James Odell, OMD, ND, L.Ac.

Hypertension is one of the most prevalent and important health problems facing society today. In general, an individual’s “blood pressure,” or systemic arterial pressure, refers to the pressure measured within large arteries in the systemic circulation. This number splits into systolic blood pressure and diastolic blood pressure. Blood pressure is traditionally measured using auscultation with a mercury-tube sphygmomanometer. It is measured in millimeters of mercury and expressed in terms of systolic pressure over diastolic pressure. Systolic pressure refers to the maximum pressure within the large arteries when the heart muscle contracts to propel blood through the body. Diastolic pressure describes the lowest pressure within the large arteries during heart muscle relaxation between beating.

Arterial pressure directly corresponds to cardiac output, arterial elasticity, and peripheral vascular resistance. Blood pressure is remarkably easy to alter and can be affected by many activities. Thus, blood pressure is the force that a person's blood exerts against the walls of their blood vessels. This pressure depends on the resistance of the blood vessels and how hard the heart must work. In 90% of cases the etiology (cause) of hypertension is considered ‘unknown’. This is called ‘essential hypertension’. In truth, there are many clear reasons that blood pressure may become elevated and uncovering those reasons is paramount to controlling hypertension.

Within the last few years, the guidelines of what is considered normal blood pressure has changed. Currently, ‘normal’ blood pressure is now defined as under 120/80, whereas before, normal was under 140/90. This change has resulted in thousands, if not millions, of people being classified as having hypertension and placed on antihypertensive medications. Of course, this change has been an economic boost to the pharmaceutical industry.

Conventional pharmaceutical oriented medicine rarely investigates the causes of hypertension. If it is high, you go on medication. In conventional medicine high blood pressure is treated with diuretics, adrenergic receptor blockers, calcium channel blockers and angiotensin converting enzyme inhibitors. Of course, these pharmaceutical agents carry side effects as they dysregulate numerous enzyme systems. Side effects include vertigo, fatigue, depression, congestive heart failure, hallucinations, tachycardia, angina, hypokalemia, gastrointestinal disturbances and leukopenia. Generally, side effects occur more in older patients than in younger patients.

High blood pressure typically does not cause symptoms. Long-term high blood pressure, however, is a risk factor for coronary artery disease, stroke, heart failure, atrial fibrillation, peripheral arterial disease, vision loss, chronic kidney disease, and even dementia. If left untreated hypertension is a progressive and potentially fatal disease.

Non-pharmacological treatments such as diet, exercise, relaxation (meditation) and yoga are effective for controlling mild to moderate hypertension.
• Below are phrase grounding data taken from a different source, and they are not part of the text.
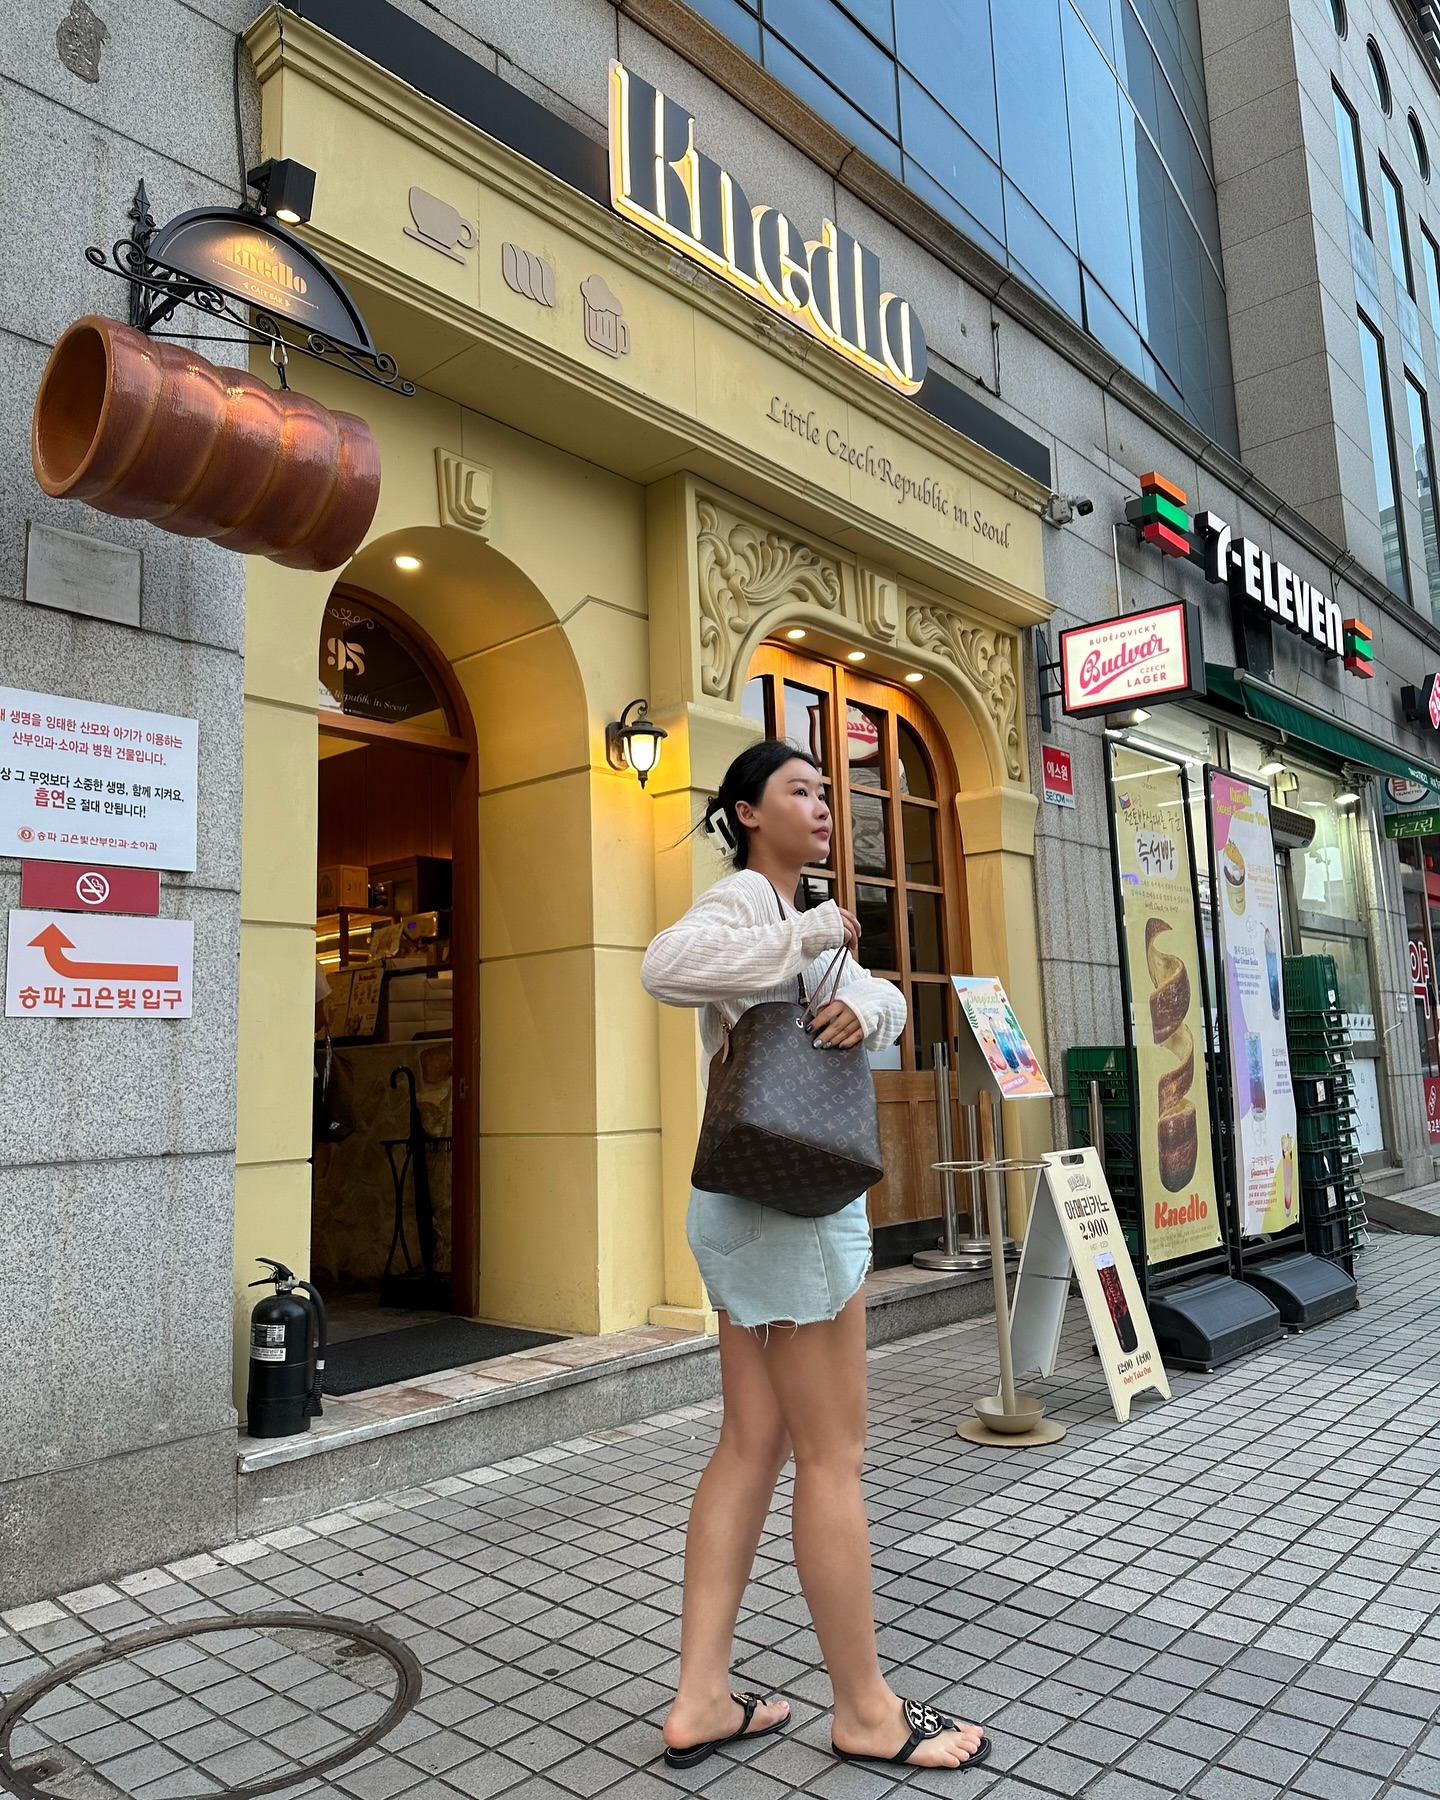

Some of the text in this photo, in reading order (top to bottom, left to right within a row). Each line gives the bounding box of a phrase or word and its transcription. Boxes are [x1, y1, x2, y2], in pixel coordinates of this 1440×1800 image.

[766, 396, 1012, 549] Little Czech Republic in Seoul
[1079, 633, 1169, 690] Budvar
[1140, 663, 1166, 675] CZECH
[1127, 672, 1168, 688] LAGER
[10, 709, 42, 727] 생명을
[46, 715, 76, 732] 잉태한
[80, 721, 110, 737] 산모와
[113, 727, 142, 743] 아기가
[146, 732, 183, 749] 이용하는
[93, 743, 112, 758] 병원
[116, 747, 167, 766] 건물입니다.
[1046, 761, 1069, 781] 에스원
[14, 769, 26, 782] 그
[29, 771, 70, 788] 무엇보다
[73, 774, 104, 792] 소중한
[132, 783, 151, 799] 함께
[154, 787, 185, 803] 지켜요.
[34, 787, 146, 819] 흡연은 절대 안됩니다!
[37, 830, 57, 842] 송파
[1392, 816, 1433, 837] 뉴그린
[1137, 833, 1175, 875] 즉석빵
[18, 986, 182, 1010] 송파 고은빛 입구
[1064, 1194, 1110, 1220] 아메리카노
[1154, 1192, 1208, 1230] Knedlo
[1123, 1366, 1152, 1385] Only Take Out
Diet and lifestyle changes are powerful medicine. Even if your blood pressure is normal now, you can help to prevent it from becoming elevated starting today. Many mechanisms have been proposed to account for the rise in peripheral resistance in hypertension. Evidence implicates disturbances in the kidneys' electrolyte and water management as a potential cause. In other words, dehydration and deficiencies in magnesium and potassium can potentiate hypertension. Improving oxygenation to the cells is also an effective strategy. One of the best supplements for this is Coenzyme Q10.
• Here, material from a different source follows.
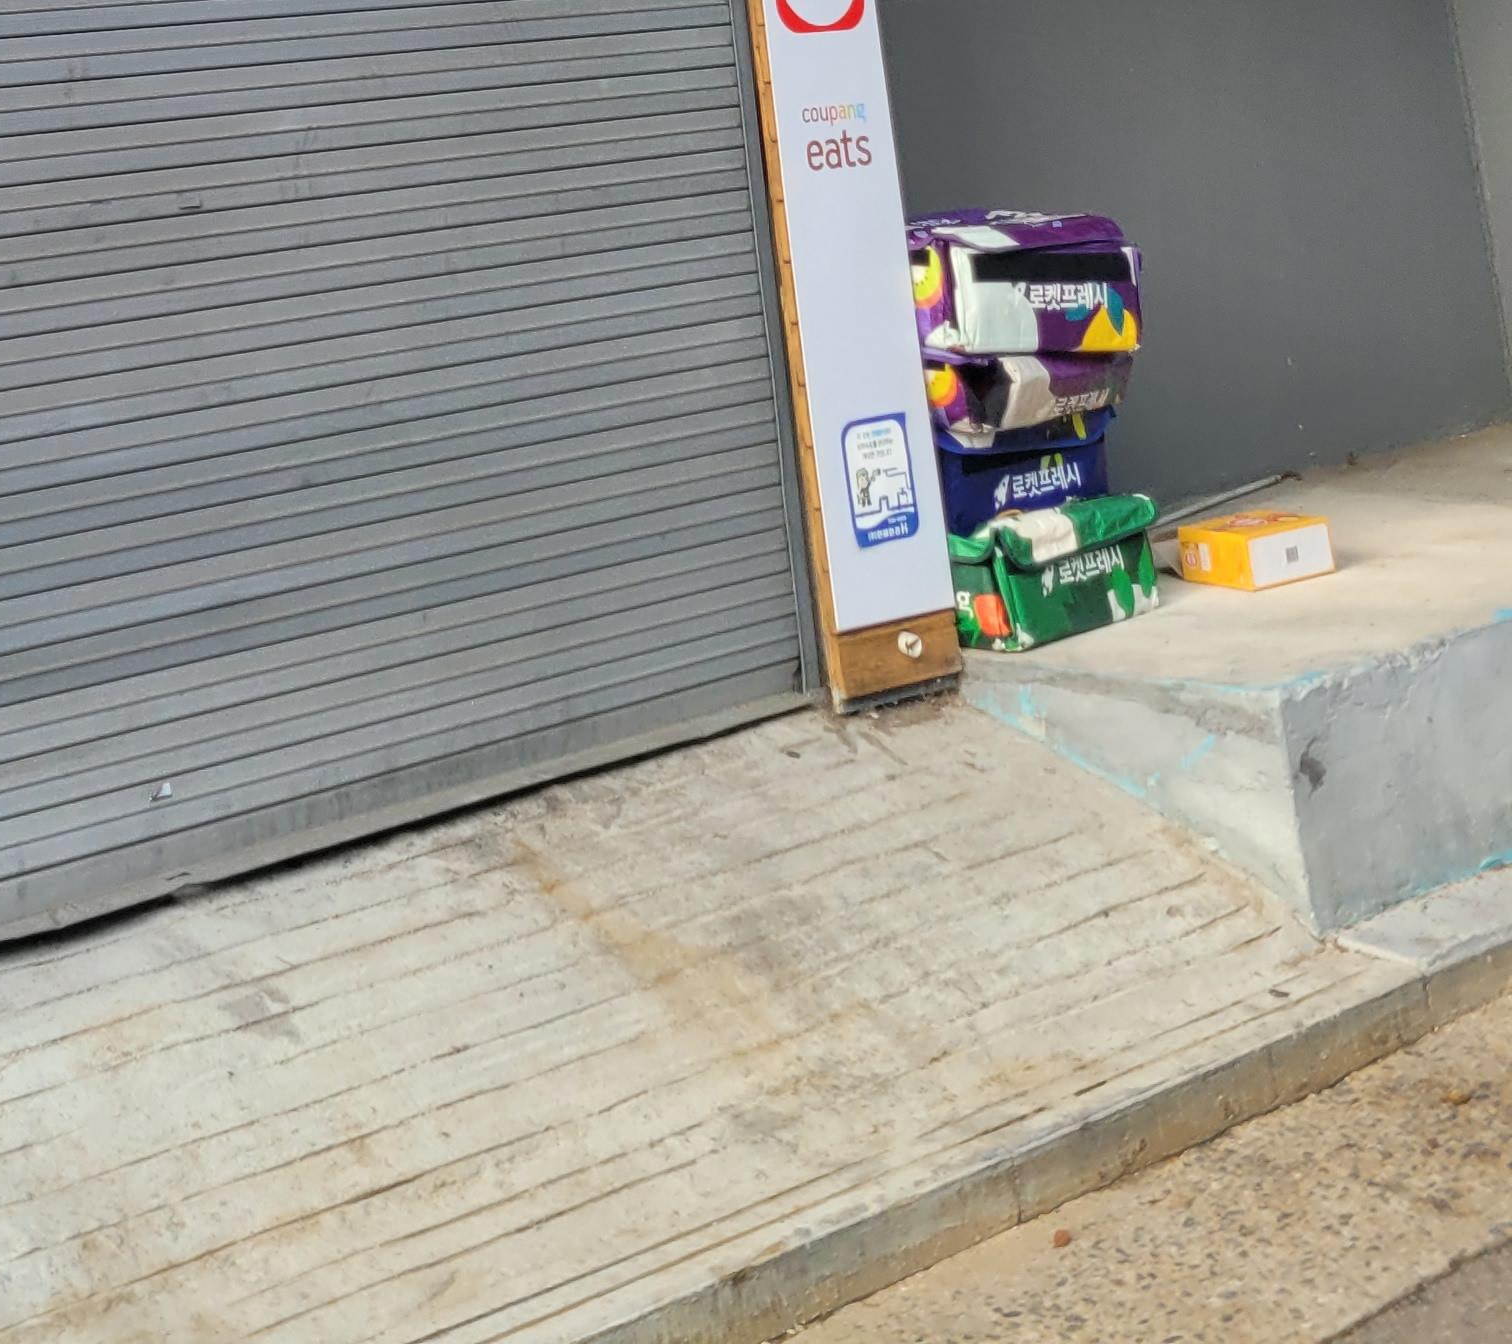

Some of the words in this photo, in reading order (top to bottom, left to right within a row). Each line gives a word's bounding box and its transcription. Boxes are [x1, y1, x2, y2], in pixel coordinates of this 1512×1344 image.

[802, 103, 867, 127] coupang
[806, 129, 873, 171] eats
[1029, 282, 1108, 311] 로켓프레시
[1012, 462, 1082, 499] 로켓프레시
In treatment of mild to moderate hypertension, bioregulatory strategies are to offer adequate hydration, supplements with electrolytes (magnesium and potassium), CoQ10, reduce sugar/ processed carbohydrates and excess salt, utilize regular exercise and meditation. Most people benefit from exercise at least 5 days of the week. Examples of suitable activities are walking, cycling, swimming, yoga and Pilates. Smoking can increase blood pressure too. Avoiding or quitting smoking reduces the risk of hypertension, serious heart conditions, and other health issues.

There are several lab tests that should be considered for all high blood pressure patients. Lipid panels are always ordered for routine testing; however, rarely is lipoprotein(a) tested. Studies have identified Lp(a) as a risk factor for cardiovascular disease. In addition, some chronic inflammatory markers associated with overall heart health are ferritin, fibrinogen, and c-reactive protein (HS) also called cardio CRP. Homocysteine is used to assess methylation function associated with vascular disease.
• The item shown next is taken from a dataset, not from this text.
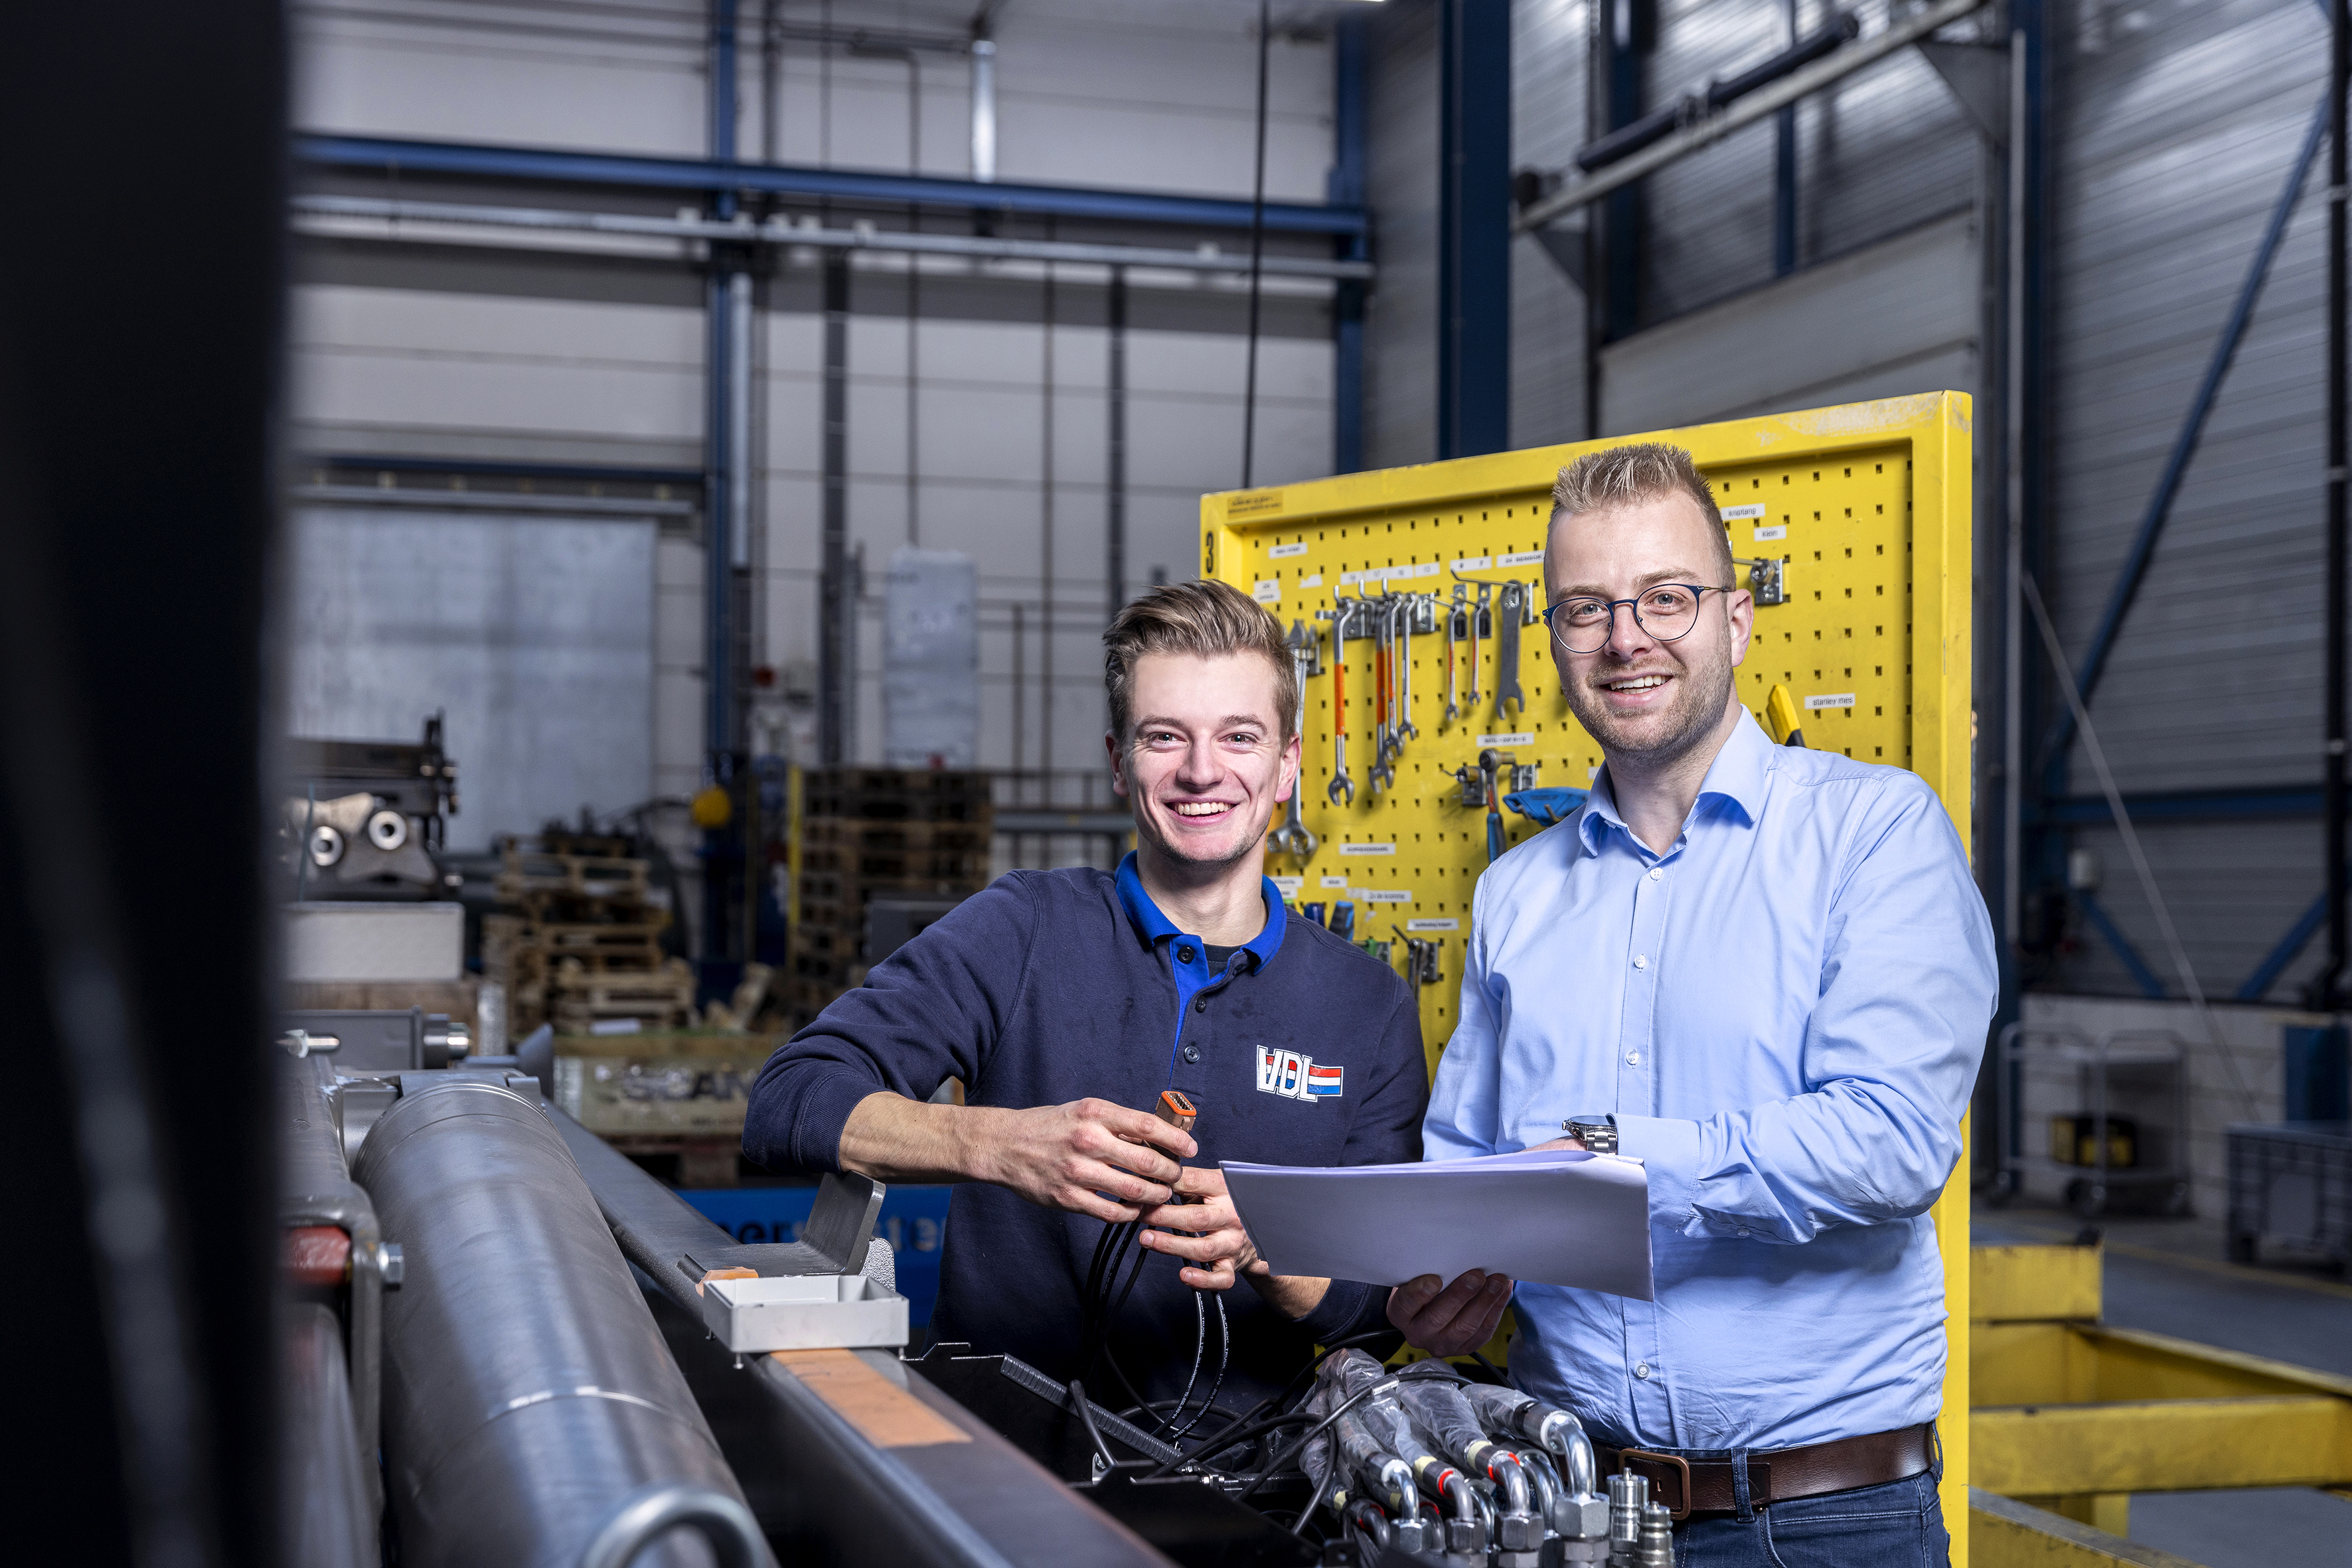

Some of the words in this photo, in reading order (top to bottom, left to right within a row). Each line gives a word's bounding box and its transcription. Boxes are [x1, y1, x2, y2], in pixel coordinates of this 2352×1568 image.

[1206, 532, 1214, 573] 3
[1812, 697, 1837, 706] stanley
[1257, 1045, 1318, 1102] VDL
In this article hibiscus tea is discussed as an aid in controlling hypertension without side effects.

Dried Hibiscus Flowers

There are numerous herbs and herbal formulations that also assist with regulation of circulation and balance of blood pressure. One herb proven to reduce hypertension is Hibiscus sabdariffa L. Hibiscus has a long history of medicinal use. In cultures all over the world, the vibrant flower is used to treat a variety of ailments and illnesses. The most popular species of hibiscus used in medicine is Hibiscus sabdariffa, also known as Roselle.

Hibiscus is widely grown in Central and West Africa, South East Asia, and elsewhere throughout the globe. Drinking a tea made from the plant is the most common way to use hibiscus medicinally. The thick, red and fleshy, cup-shaped calyces of the flower are consumed worldwide as a cold beverage and as a hot drink. The tea is made from drying many different parts of the plant, but mostly the flower itself. Once the dried parts are steeped, the tea turns a rich ruby red color. The drink itself is quite sour, with a taste like cranberries.

Hibiscus tea has been used traditionally for many conditions, particularly high blood pressure, liver disorders, high cholesterol and infections.1, 2, 3, 4, 5 Research demonstrates that the hot (or cold) Hibiscus beverage is full of vitamin C and antioxidants, so it is a great way to prevent colds during the winter months.6, 7, 8, 9, 10, 11

A 2010 study published in the Journal of Nutrition found that consuming hibiscus tea lowered blood pressure in people at risk of high blood pressure and those with mildly high blood pressure.12 Study participants consumed three 8-ounce servings of hibiscus tea or a placebo beverage daily for 6 weeks. Those who drank the hibiscus tea saw a significant reduction in their systolic blood pressure, compared to those who consumed the placebo drink. The researchers concluded, “These results suggest daily consumption of hibiscus tea, in an amount readily incorporated into the diet, lowers BP in pre- and mildly hypertensive adults and may prove an effective component of the dietary changes recommended for people with these conditions.”

Numerous other studies have also demonstrated the anti-hypertensive effects of Hibiscus sabdariffa L. in both humans and experimental animals. Recent pharmacological studies have shown that Hibiscus sabdariffa extracts significantly reduced blood pressure in humans13, 14, 15, 16, 17, 18 and in experimental animals 19, 20, 21, 22. However, the exact mechanisms responsible for these effects of Hibiscus sabdariffa are not fully understood.

Safety and Toxicology

From animal studies it has been shown that Hibiscus sabdariffa is a very safe plant to

consume. Its extracts are characterized by a very low degree of toxicity.23, 24, 25

Making Hibiscus Tea

Desired Ingredients:

  • 2 cups fresh organic Hibiscus Flowers (or 1/2 cup dried organic Hibiscus Flowers)

  • 8 cups spring water

  • (optional) 1/8 cup raw honey (add more if you like your tea sweeter)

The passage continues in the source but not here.